By TYLER BURDICK
Published: March 28, 2014
The right of freedom of speech has been the focal point of one of the most important and long-lasting debates in this country, and the rise of the internet and social media hasn’t done anything to deter the proliferation of this issue. While there are many who acknowledge the benefits granted to American citizens under the First Amendment, there are more still who believe that there is a metaphorical line that must not be crossed. These same people would claim that the right of freedom of speech has a limit that ends once a speaker’s words turn offensive or derogatory. Recent prominent examples of offensive opinions have fueled the fires of this discussion. The prime example of the very epitome of offensive behavior is the Westboro Baptist Church (WBC), a group of religious zealots with a trademark of actually protesting or declaring intent to protest the funerals of public figures such as Philip Seymour Hoffman and Nelson Mandela. In another example, a professor of Johns Hopkins University, Benjamin Carson, appeared on Fox News in April of 2013 and made a statement that equated advocates of same-sex marriage with those that promote bestiality and necrophilia, releasing a hailstorm of verbal backlash.
Yet, given all this, it is important to remember that the truth of the matter is that freedom of speech is not the same thing as freedom of acceptance. We aren’t obligated to do much more than acknowledge that these abhorrent opinions are allowed to be spoken, which means that we don’t need to agree with them, force ourselves to listen to them, or even allow them within the confines of private places.
I’m not saying that the Westboro Baptist Church represents anything remotely resembling true American or even Christian ideals. However, while there are laws against acts of discrimination and hate crimes, there is nothing that says that one cannot truly be, in their heart of hearts, a bigot, a racist, an ageist or anything of the kind. The only way to silence the voices of those like the WBC and Professor Carson would be to pass a law that only allows “kind words” to be used within the public spectrum, and to do so would be in itself a form of discrimination. It would also represent a level of governmental interference in the lives of individuals that not many would be happy to see and some might even describe as a kind of socialist behavior.
But while it may seem like the hateful bigots and racists have so much power due to the First Amendment to the extent that we cannot silence their disgusting opinions, it is also important to note that we have not exactly been taking this lying down, for we have often retaliated against these people using our own freedom of speech. The WBC, for instance, has been consistently demonized over the years as a result of its hateful behavior. Although it claims to be a Baptist church, it has been denounced by the major Baptist denominations, the Baptist World Alliance and the Southern Baptist Convention. Professor Carson didn’t escape scot-free either, eventually being forced to withdraw as commencement speaker for the Johns Hopkins School of Medicine due to a volley of negative reception from students.
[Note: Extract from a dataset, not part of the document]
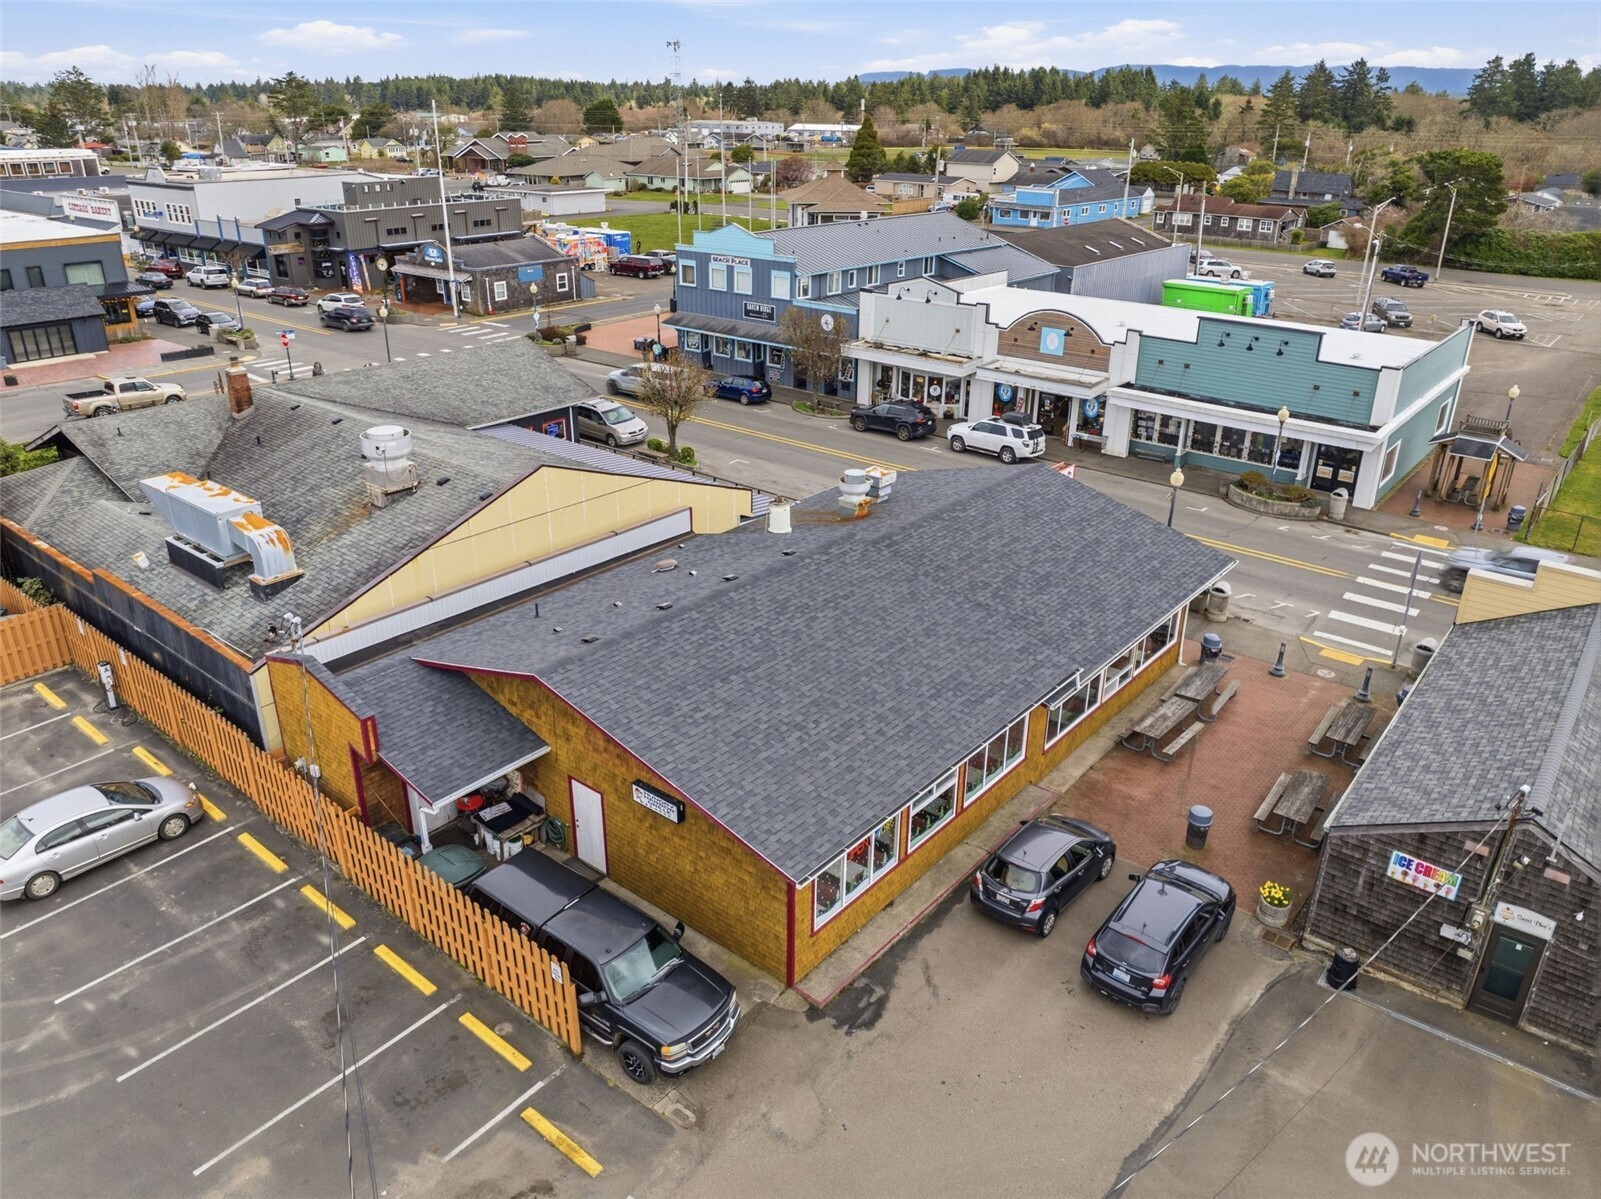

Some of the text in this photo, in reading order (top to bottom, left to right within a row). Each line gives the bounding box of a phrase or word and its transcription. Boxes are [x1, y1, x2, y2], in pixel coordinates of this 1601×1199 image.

[90, 205, 112, 216] BAKERY
[712, 256, 749, 266] BEACH PLACE
[1393, 853, 1459, 887] ICE CREAM
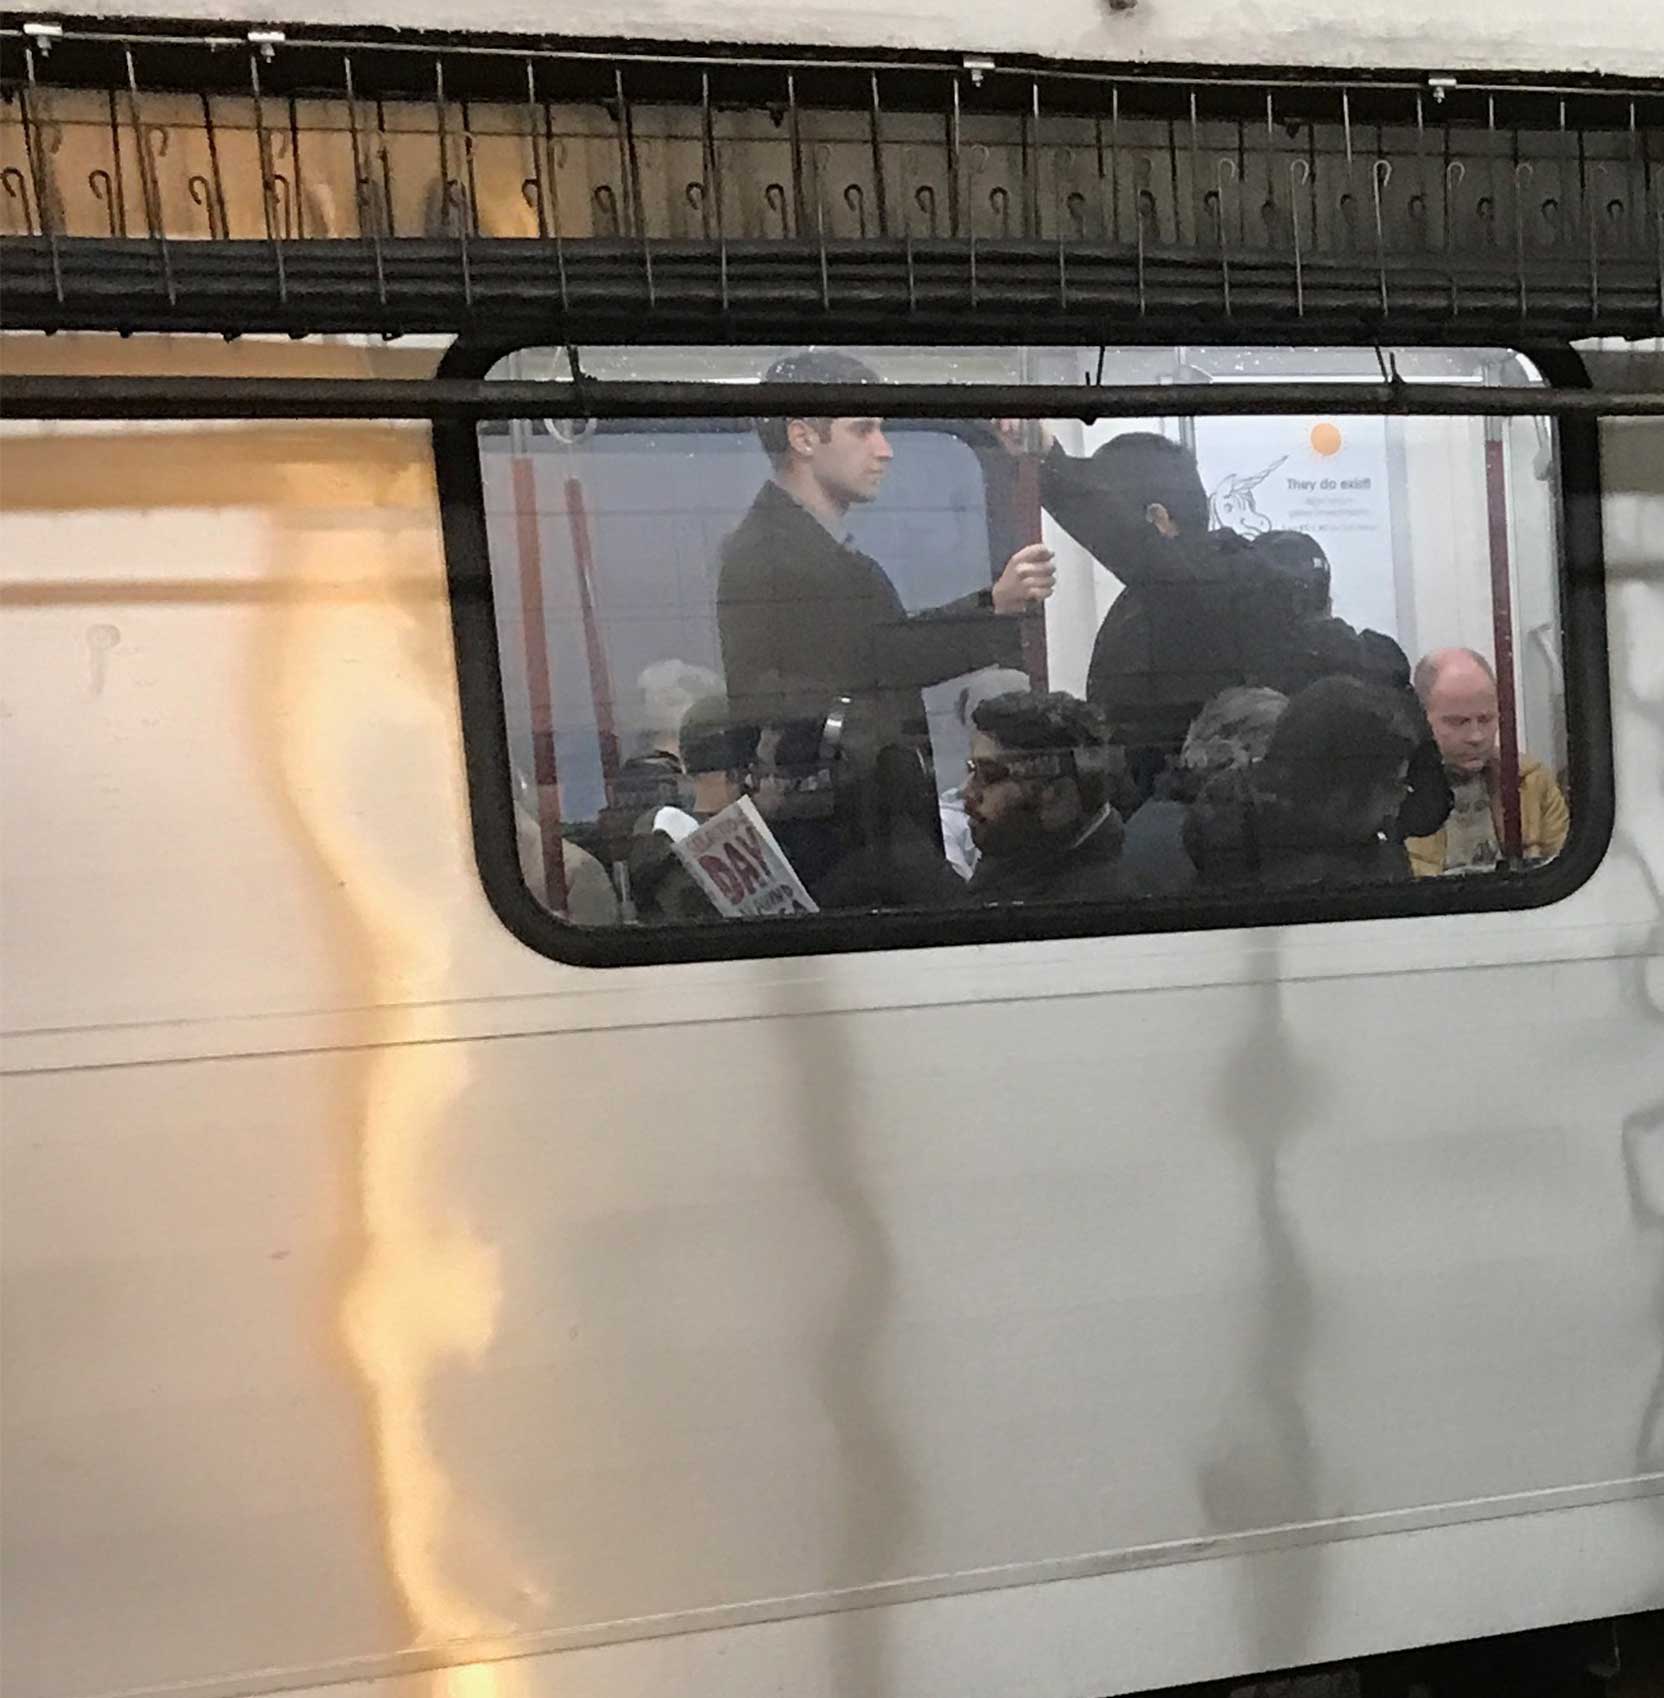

And this is what I mean when I talk about freedom of speech not being the same thing as freedom of acceptance: the offensive criticisms that attack the accepted institutions and norms of our society are not inherently immune from having such criticism shot right back at them. In a way, this is a form of justice and equality for all who seek to benefit from the implementation of the First Amendment. Ultimately, it falls upon an individual who makes a statement to then accept and deal with the consequences of doing so.
Consider the example of Ann Coulter, a conservative social and political commenter known for “stirring the pot” on more than one occasion. Her comments are radically more heavy-handed and offensive than her fellow contemporaries; she has even gone so far as to describe President Barack Obama as a “retard.” In November of 2012, the Fordham University group known as the College Republicans had issued an invitation for Coulter to speak at Fordham, only to ultimately rescind the invitation after the incredibly poor reception from both students and Fordham’s President Rev. Joseph M. McShane S.J. While Coulter has the right to make the oftentimes ridiculous statements she is known for, it is also our right to criticize her for it, and it is her responsibility to stand by her words and accept the criticism that is directed towards her just as others must deal with the criticism she doles out.
It may seem ironic that Coulter was ultimately denied a chance to speak at Fordham while Peter Singer, a philosopher who has advocated for the killing of children with serious disabilities, was not. While Singer’s position appears abhorrent to many, it does strike a chord with certain others, proving that it can be defensible. Charles Camosy, a Fordham theologian, was the moderator at the event in which Singer spoke, and this is a man who has actively defended Singer’s work in the past. The problem many have with Singer speaking lies in his position, not in his deliverance. He doesn’t fall into the same category that Coulter does; taking an anti-Obama position is one thing, but calling him a “retard” is certainly, as Father McShane points out, “needlessly provocative.” It doesn’t mean she has any less of a right than Singer to retain the opinions she does, but her behavior certainly won’t make people be very receptive to her.
In Carson’s case and in Coulter’s, the consequence of their kind of hateful free speech is an incompatibility and negative reception from the universities of Johns Hopkins and Fordham, respectively. In the WBC’s case, it is a near-universal demonization and classification as a hate group, for, in this humble writer’s opinion, that is precisely what they are. In this day and age, we enjoy the power to speak our minds on the issues that concern us most, but we must be ready and willing to accept the consequences of doing so.